Lo de los villancicos en bucle en el hilo musical de las tiendas debe estar demostrado que produce el mismo efecto que el ‘chunda chunda’ que martillea en los establecimientos de ropa, es decir, pilla lo que puedas y huye antes de que el precio de una chaqueta sea tu equilibrio psicológico y emocional, y de eso no hacen cheques de devoluciones.

 

La campaña agresiva y cada vez más precoz de los comercios tiene una razón de ser, por mucho que algunos clientes tengamos alergia a la intensidad o ‘jartibilidad’ (que decimos por aquí) de determinadas estrategias de marketing. El verano tardío que engulle lentamente a los otoños está rompiendo los esquemas de los negocios, que se ven obligados a adaptarse a un limbo estacional impredecible y oscilante. Si no llega el frío, abrigos, paraguas y botas de agua, se quedan en los escaparates. Y el tiempo pasa.
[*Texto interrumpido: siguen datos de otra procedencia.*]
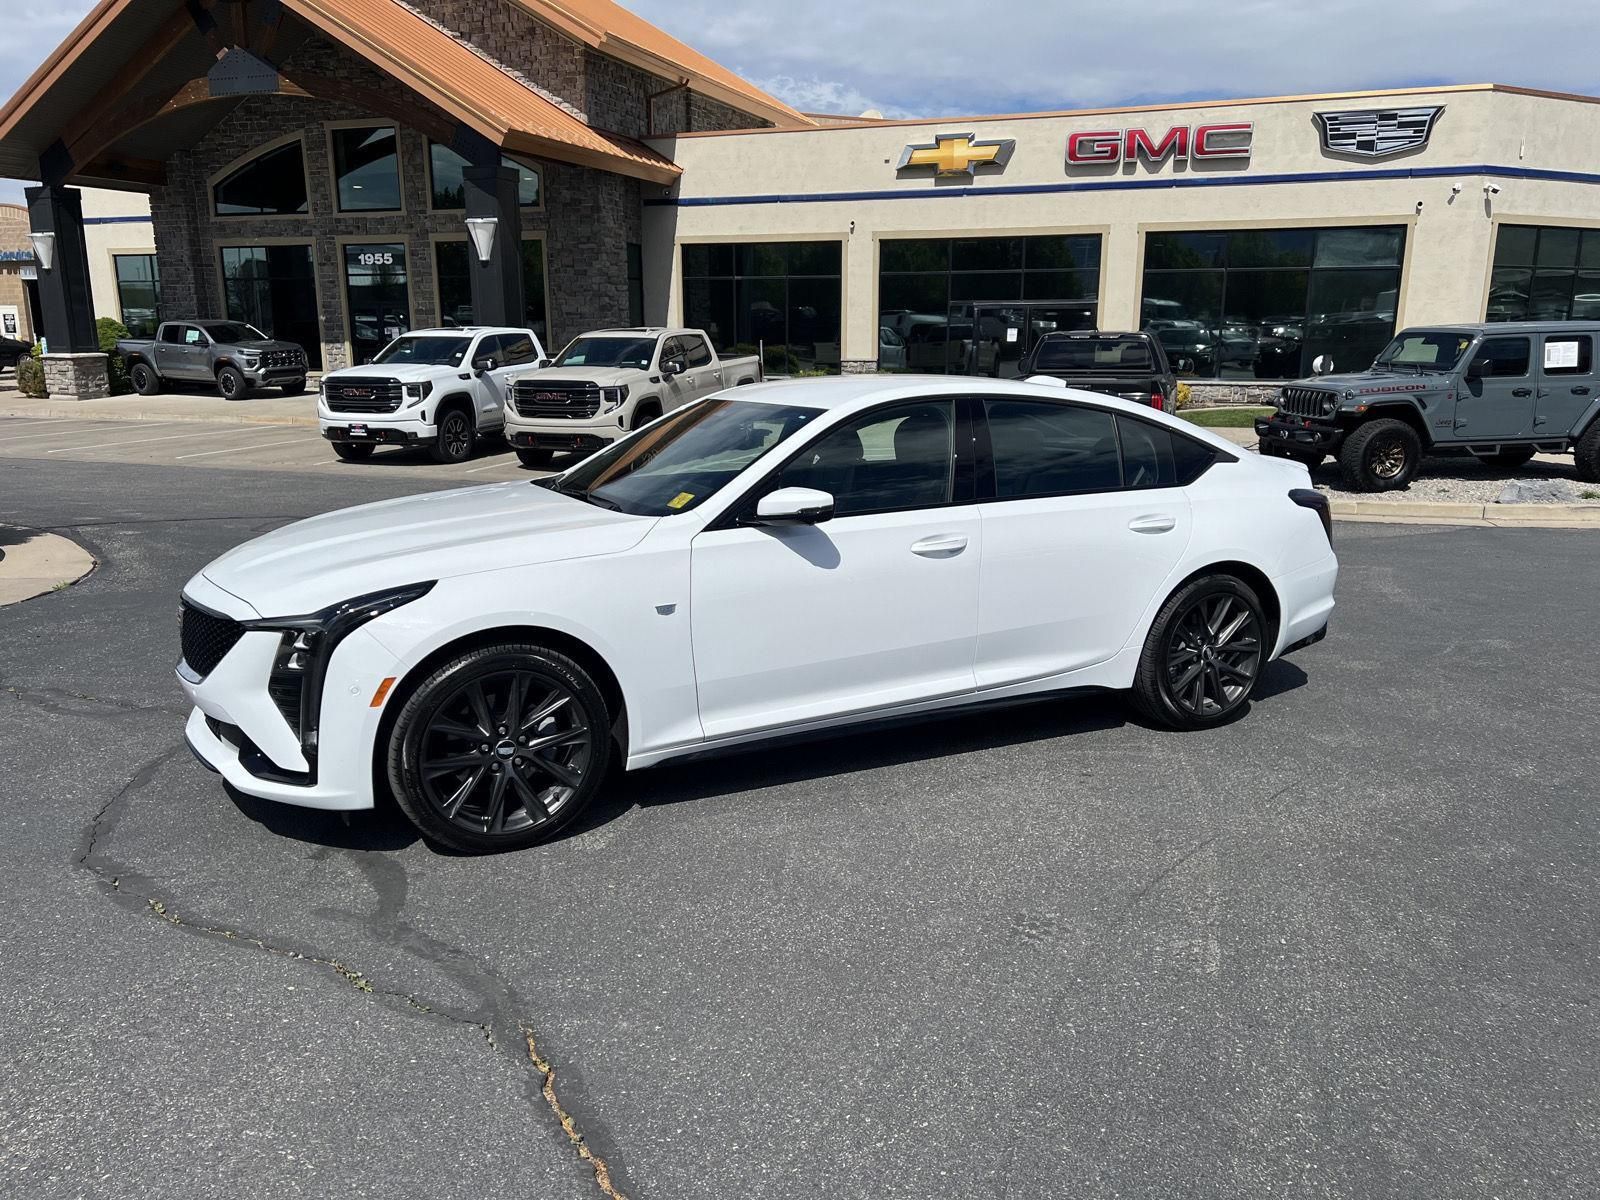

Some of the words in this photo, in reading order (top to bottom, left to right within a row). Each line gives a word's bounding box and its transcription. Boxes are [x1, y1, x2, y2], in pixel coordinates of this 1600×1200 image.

A lo que antes se le daba salida en septiembre, ahora, en noviembre, todavía no termina de venderse.

 

Uno de los parches para remendar este descosido climático es llenar con etiquetas de extranjerismos las tiendas, tratando de reeducar el comportamiento consumista. ¿Que eres un agnóstico del consumo obsesivo compulsivo?, no pasa nada, te sometemos a un bombardeo cognitivo exasperante que anule tu anclaje racional para que termines rindiendo culto a la divinidad de los descuentos y las rebajas. Black Friday, te alabamos, óyenos.
Da igual que sea otro invento yanqui, cuya fecha se rige por una celebración completamente ajena a nosotros. Ojos que no ven, bolsillo que se vacía. Y es que en EE UU con esta campaña del Viernes Negro se inaugura el periodo de compras y coincide siempre con el día después de Acción de Gracias. Qué mejor manera para mostrar gratitud que gastando indecentes cantidades de dinero en bendecir al materialismo exacerbado.     

 

Supone que los establecimientos hagan el agosto, que sirve de agua de mayo para sus cuentas, y consiste en convencer a la gente de que es diciembre cerrado, lo cual alarga nuestra cuesta de enero. A grandes rasgos, ese es el chiringuito  espacio-temporal que tienen montado.

 

La única certeza es que la Navidad ya está aquí, queramos o no. Aunque en realidad nunca se fue. Antes solo encontrabas turrones en el último mes del año y los ojos te hacían chiribitas al ver la estantería llena de dulces manjares vetados hasta entonces. Ahora, los supermercados no retiran las últimas existencias hasta que se agotan, dándose la circunstancia de que te encuentras en pleno julio con la disyuntiva de elegir entre el Almendro y un almendrado.